+++ Material supplied
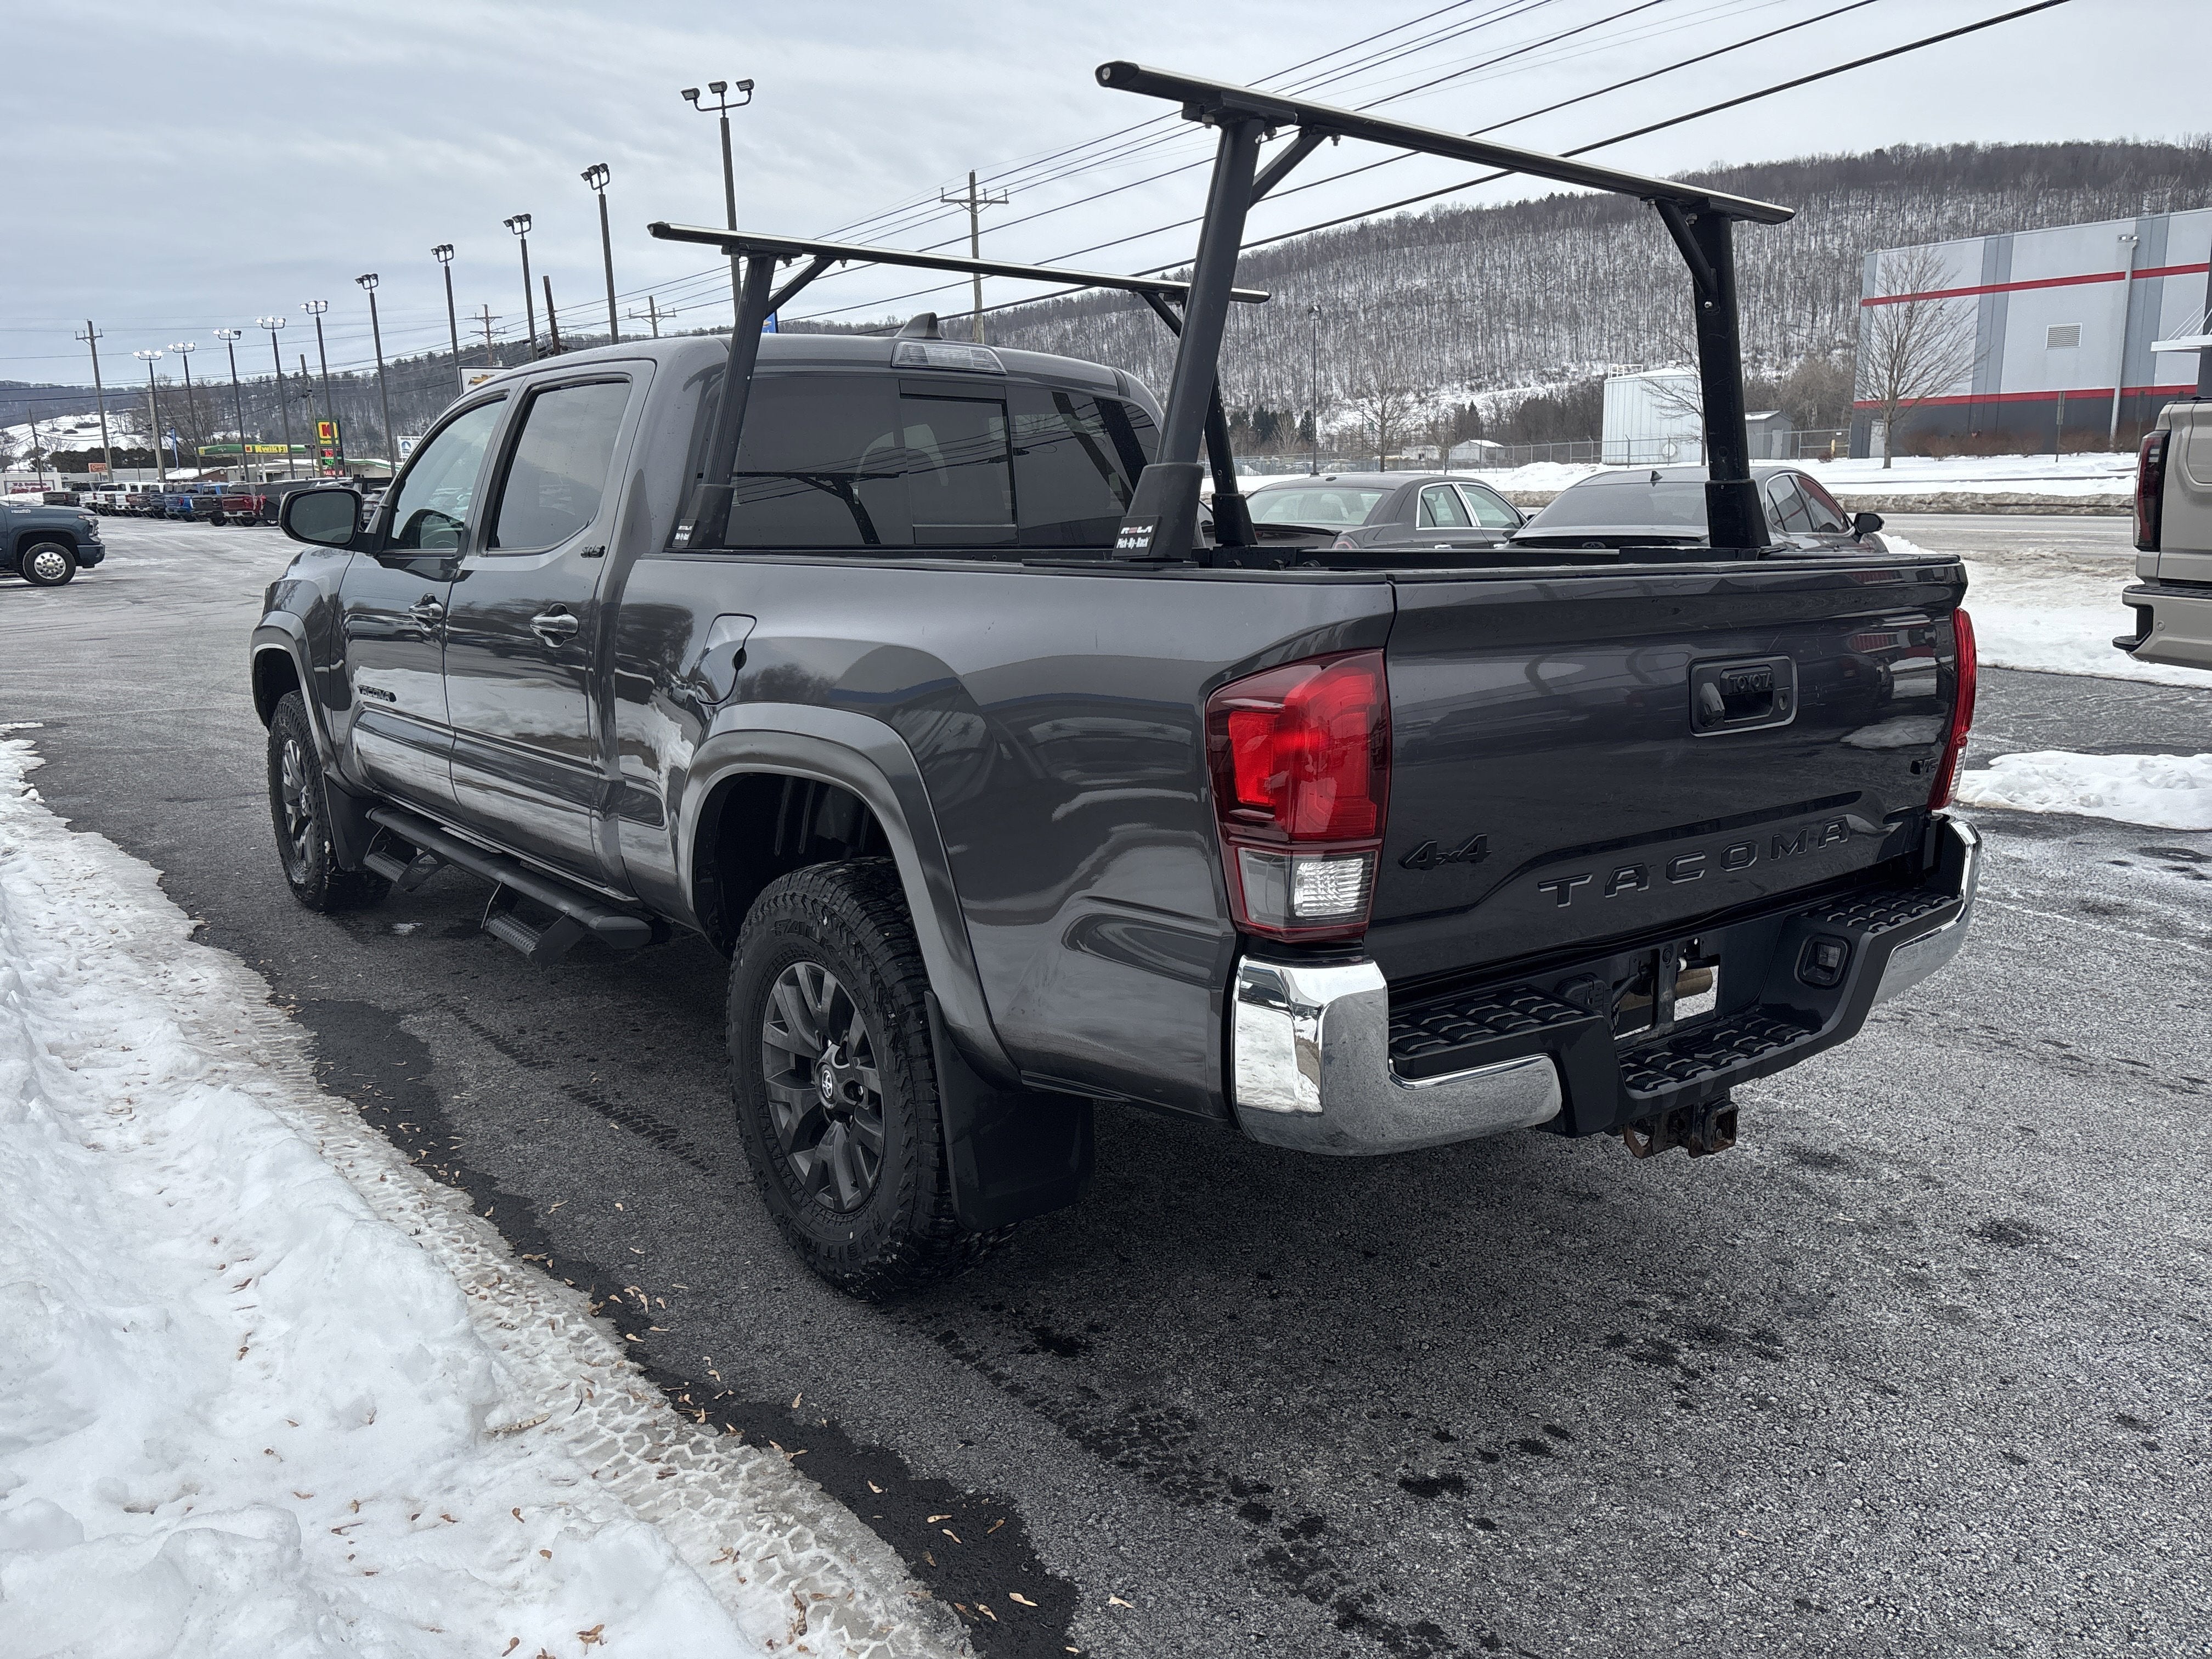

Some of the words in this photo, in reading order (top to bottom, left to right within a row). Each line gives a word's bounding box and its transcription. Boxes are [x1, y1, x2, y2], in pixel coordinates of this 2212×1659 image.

[255, 445, 278, 453] Kwik
[357, 684, 391, 702] TACOMA
[1729, 672, 1774, 695] TOYOTA
[1398, 833, 1492, 871] 4x4
[1537, 814, 1850, 909] TACOMA
++++++
# [Work order]
Reproduce the records exactly, images excluded.

# [Answer box]
Some of the words in this photo, in reading order (top to bottom, left to right within a row). Each line gives a word's bounding box and its transcription. Boxes are [x1, y1, x2, y2], in pixel coordinates of this 2212×1659 image.

[255, 445, 278, 453] Kwik
[357, 684, 391, 702] TACOMA
[1729, 672, 1774, 695] TOYOTA
[1398, 833, 1492, 871] 4x4
[1537, 814, 1850, 909] TACOMA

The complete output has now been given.